Cuando yo enseñaba matemáticas en la universidad en la India les ponía de cuando en cuando a mis alumnos un problema para que lo resolvieran allí mismo en clase cada uno por su cuenta y lo comentáramos. Les preguntaba: “¿Lo queréis fácil o difícil?” Me contestaban a una voz; “¡Difícil!” Y solo desde atrás del aula se oía a algún rezagado que murmuraba por lo bajo: “Fácil.” Los muchachos y muchachas lo querían difícil.
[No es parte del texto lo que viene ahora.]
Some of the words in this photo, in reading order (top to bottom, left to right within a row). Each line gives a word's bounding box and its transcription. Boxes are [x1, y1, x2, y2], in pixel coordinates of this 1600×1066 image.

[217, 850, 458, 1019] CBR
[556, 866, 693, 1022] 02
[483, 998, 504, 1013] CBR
Yo también.
Cuando me examiné de la reválida de 7º a los 17 años en la universidad de Oviedo, el profesor en el examen oral de matemáticas me hizo una sola pregunta: “El binomio ‘a menos b’ elevado al cubo.” Es pregunta de párvulos. Cuando al examen se llevaba ya el cálculo diferencial e integral que yo había preparado con esmero, resultaba ridículo insultar a la pizarra con esa elemental expansión algebraica. Le dije tímido: “Señor, sé más.” “Anda, vete” respondió el profesor, “ya has aprobado.” Pero yo no quería un aprobado. Quería un sobresaliente.
Esta mañana al pasear me he cruzado con una madre y dos hijos de camino al colegio. La madre arrastraba los dos maletines con ruedas de los libros y cuadernos escolares de sus hijos, uno con cada mano, lo que le resultaba un poco incómodo por el tráfico infantil mañanero y más aún porque al ser los maletines para niños tienen las alargaderas de las asas a su medida con lo que la buena mujer, que era algo alta, tenía que andar encorvada al arrastrarlos. Los dos chicos saltaban y correteaban libres y alegres por delante. Lo sentí por la madre. Y más aún por los hijos.
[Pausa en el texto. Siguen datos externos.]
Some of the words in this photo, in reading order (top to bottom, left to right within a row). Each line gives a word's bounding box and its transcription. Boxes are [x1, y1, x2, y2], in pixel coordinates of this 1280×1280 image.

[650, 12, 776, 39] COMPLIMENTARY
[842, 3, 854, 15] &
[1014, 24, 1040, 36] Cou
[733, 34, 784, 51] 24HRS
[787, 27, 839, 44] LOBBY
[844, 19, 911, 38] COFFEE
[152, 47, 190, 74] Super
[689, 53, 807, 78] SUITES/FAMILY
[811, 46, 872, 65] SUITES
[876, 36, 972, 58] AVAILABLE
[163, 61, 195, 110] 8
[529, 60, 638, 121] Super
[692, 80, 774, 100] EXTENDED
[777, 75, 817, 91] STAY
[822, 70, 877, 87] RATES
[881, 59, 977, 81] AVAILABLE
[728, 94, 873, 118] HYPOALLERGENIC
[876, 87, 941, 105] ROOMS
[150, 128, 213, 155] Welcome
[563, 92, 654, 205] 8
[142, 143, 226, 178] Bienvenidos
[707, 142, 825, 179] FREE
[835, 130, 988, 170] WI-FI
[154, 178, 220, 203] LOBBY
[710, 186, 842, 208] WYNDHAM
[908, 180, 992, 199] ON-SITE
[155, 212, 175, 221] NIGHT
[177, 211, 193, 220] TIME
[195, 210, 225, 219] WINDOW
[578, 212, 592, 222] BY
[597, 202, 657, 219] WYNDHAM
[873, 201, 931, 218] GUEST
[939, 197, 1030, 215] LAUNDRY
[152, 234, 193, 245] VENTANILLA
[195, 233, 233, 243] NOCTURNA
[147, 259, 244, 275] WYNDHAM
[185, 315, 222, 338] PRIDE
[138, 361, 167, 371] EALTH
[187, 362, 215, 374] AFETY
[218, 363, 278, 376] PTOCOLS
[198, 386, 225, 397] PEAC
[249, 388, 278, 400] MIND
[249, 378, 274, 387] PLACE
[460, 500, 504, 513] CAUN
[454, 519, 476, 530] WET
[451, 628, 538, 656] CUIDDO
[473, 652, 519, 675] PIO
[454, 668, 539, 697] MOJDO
Son varias y complejas las causas por las que los jóvenes de hoy no responden a las mejores expectativas de quienes los queremos de veras. Una de ellas es que no les exigimos.
¿Harán lo mismo los gobiernos más adelante con las carreras, con la carrera de ingeniero, de abogado, de medicina? ¿Podrán graduarse algún día los médicos con la mitad de las asignaturas suspensas? Dentro de pocos años, antes de pasarse por el quirófano habrá que preguntarle al joven cirujano qué operaciones se dejó suspendidas en la carrera. Por si acaso.